Although beta blocker has been found to reduce mortality, nearly one third patients may experience cardiac arrest or sudden death even on beta blocker therapy. In patients with recurrent symptoms even on beta blocker, implantable cardioverter-defibrillator or pacemaker or left cardiac sympathetic denervation may be considered.[25]

Beta blocker should be continued in the perioperative period. Magnesium sulfate and defibrillator should be readily available, the latter may be required in case TdP is not responding to Mg or causing hemodynamic compromise. Some short TdP episodes, which occur in association with bradycardia may require overdrive pacing.[25] In our case, beta blocker was continued, magnesium was kept ready, pads of defibrillator with transcutaneous pacemaker was attached.

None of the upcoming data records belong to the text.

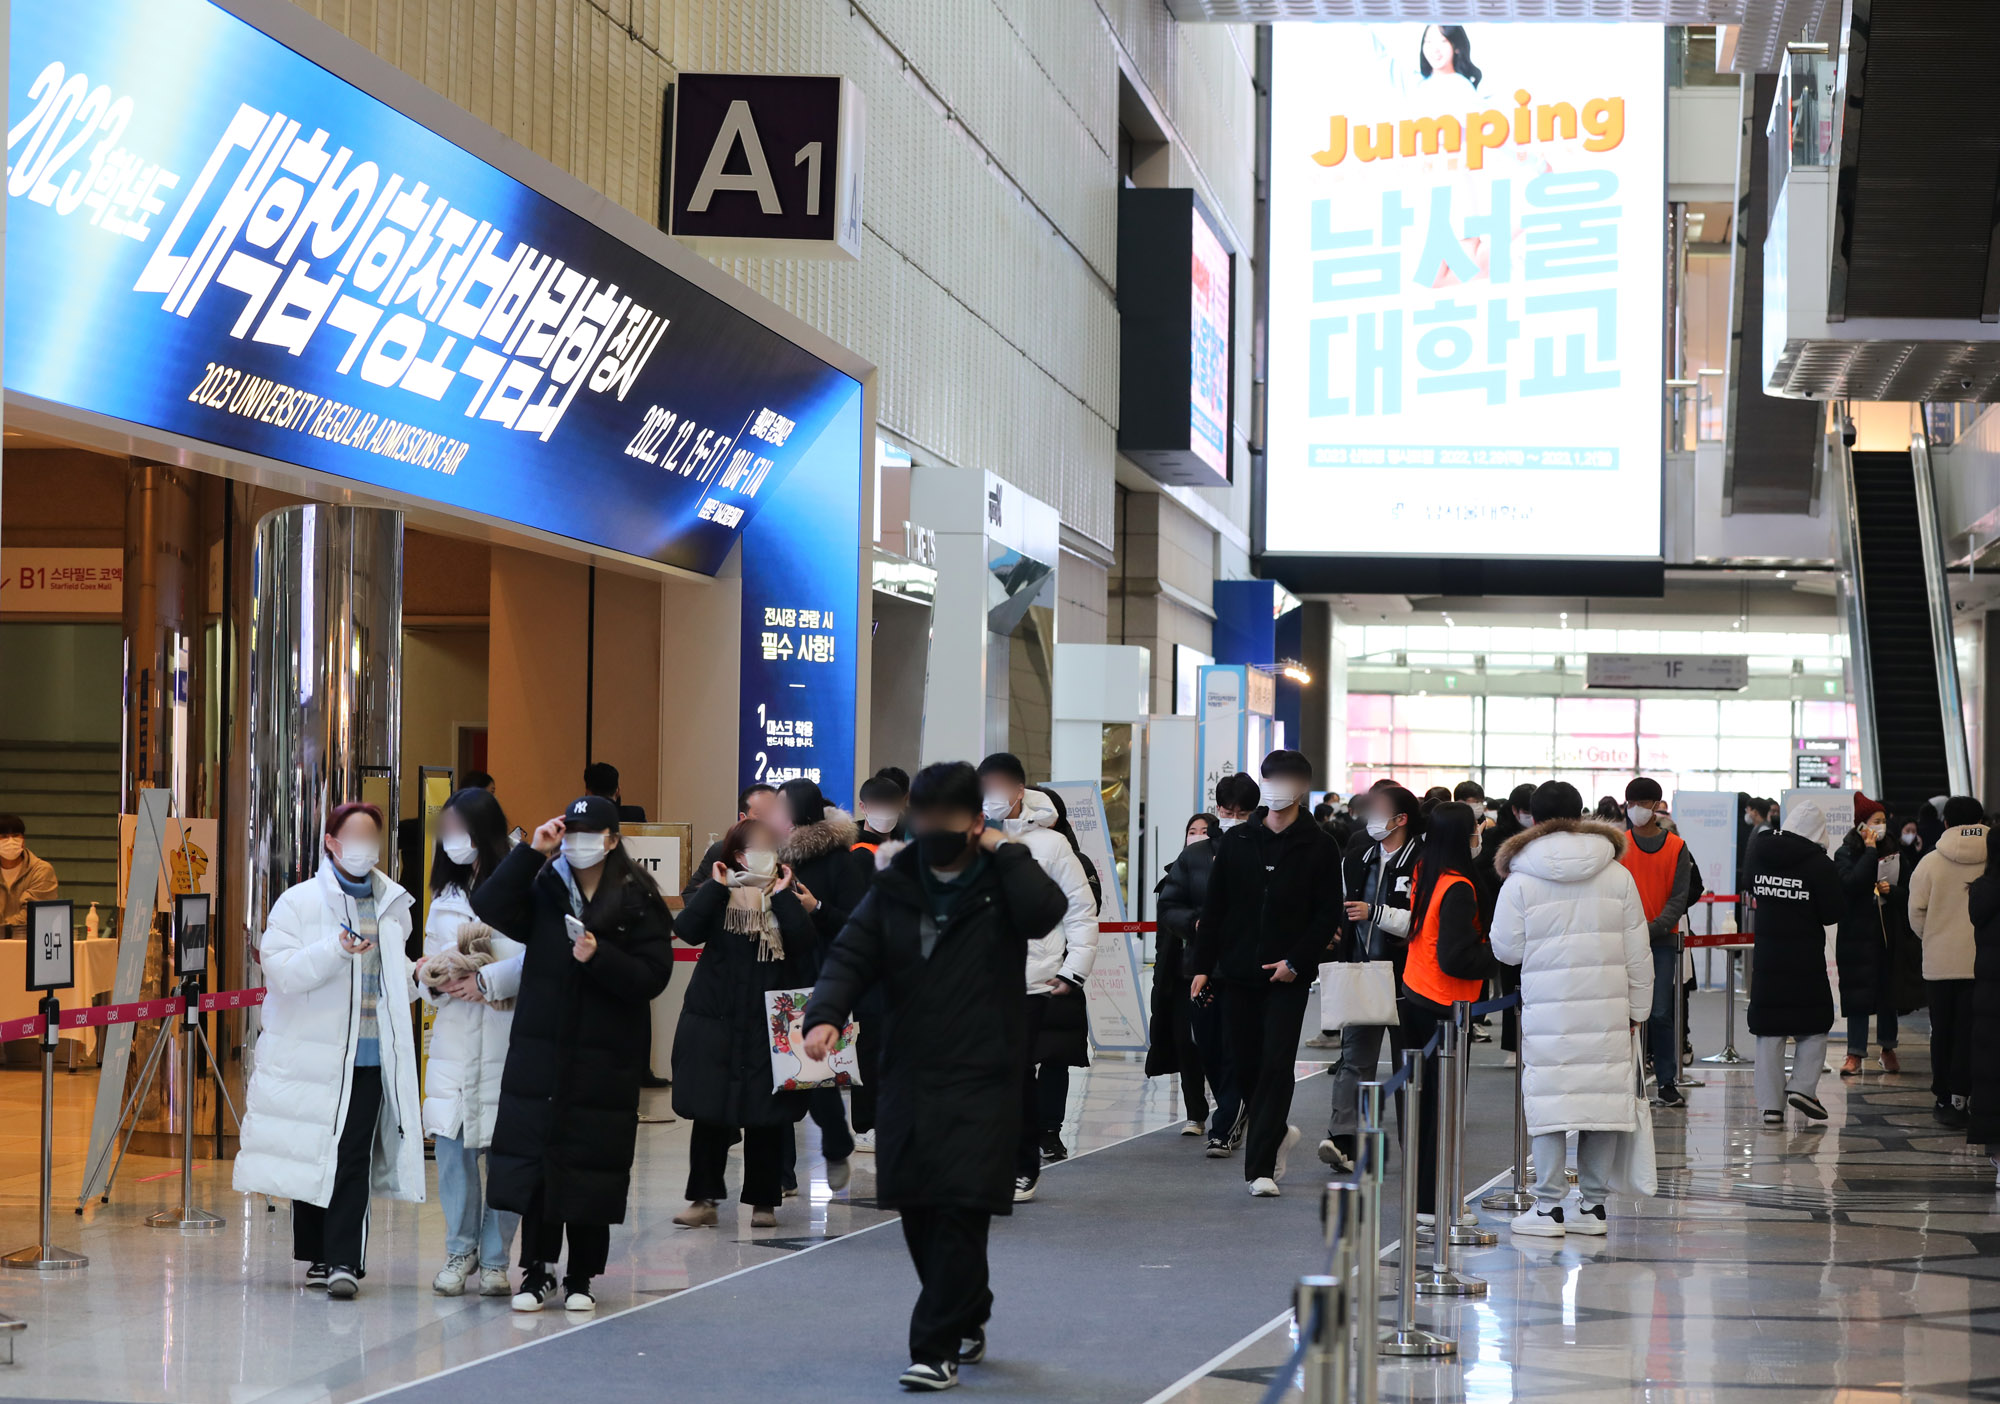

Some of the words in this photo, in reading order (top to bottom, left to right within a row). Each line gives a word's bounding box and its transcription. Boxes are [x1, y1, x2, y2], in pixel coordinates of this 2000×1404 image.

[1310, 88, 1625, 171] Jumping
[1310, 169, 1623, 303] 남서울
[1309, 287, 1621, 418] 대학교
[188, 362, 241, 410] 2023
[228, 373, 324, 432] UNIVERSITY
[307, 399, 378, 450] REGULAR
[364, 418, 447, 470] ADMISSIONS
[434, 438, 470, 476] FAIR
[1315, 449, 1347, 463] 2023
[20, 567, 45, 589] B1
[50, 567, 97, 582] 스타필드
[764, 607, 797, 628] 전시장
[798, 609, 821, 629] 관람
[822, 611, 833, 630] 시
[761, 632, 793, 661] 필수
[797, 634, 835, 663] 사항!
[1664, 661, 1683, 678] 1F
[757, 703, 766, 729] 1
[767, 720, 793, 736] 마스크
[795, 721, 813, 737] 착용
[1587, 746, 1628, 761] Gate
[755, 751, 767, 780] 2
[1963, 828, 1981, 836] 1976
[632, 858, 661, 871] XIT
[1754, 874, 1803, 889] UNDER
[44, 932, 62, 960] 입구
[107, 1007, 119, 1021] coex
[137, 1004, 149, 1018] coex
[165, 1000, 177, 1014] coex
[75, 1010, 88, 1024] coex
[22, 1018, 35, 1034] coex

Any sympathetic stimulation, including anxiety, cry, loud noise can precipitate TdP.[2] Hence, the child was premedicated with oral midazolam, intravenous canula was obtained in mother's lap after applying EMLA cream cram and he was shifted to OR with mother. In the postoperative period also he was kept in quiet environment. Inadequate plane of anesthesia, brady or tachycardia, hypertension, hypoxia, hypo or hypercarbia, inadequate analgesia, hypothermia may cause sympathetic stimulation increasing the risk of TdP.[2] All these factors were avoided and adequate analgesia was provided. Serum electrolytes should be normal, as hypokalemia, hypomagnesaemia and hypocalcaemia predispose to delayed ventricular repolarization and TdP.[5]

Drugs which prolong the QT interval should be avoided. Midazolam does not affect QT interval.[2] Thiopental prolongs,[2] whereas propofol has been found to have little or no effect on the QT interval and may even reverse sevoflurane induced QT prolongation.[25] All volatile agents have the potential to prolong QT interval. However, Isoflurane is inherently safe and has been reported to shorten QT interval in a patient with c-LQTS and therefore is regarded as the agent of choice.[2] Vecuronium and atracurium have been found to have no effect on the QT interval.[2] Fentanyl and morphine have been used without adverse effects in patients with c-LQTS.[2] Ondansetron has possible risk of TdP and in vitro studies have shown that 5HT3 receptor antagonist may potentially prolong QT interval.[2] Therefore ondansetron was not used and only dexamethasone was used as antiemetic. The use of anticholinergic and anticholinesterase as reversal agent has been shown to prolong QT interval in healthy subjects and hence should be used with caution.[25]

To conclude, safe anesthesia management in children with c-LQTS with deafness (JLNS) would include:

Peri-operative continuation of beta blockade,

Avoidance of sympathetic stimulation, which may trigger ventricular arrhythmia (TdP),

Providing adequate premedication, peri-operative analgesia and careful use of anesthetic and other drugs to avoid QT prolongation,

Ready availability of magnesium sulfate and defibrillator-pacer in case any arrhythmia occurs.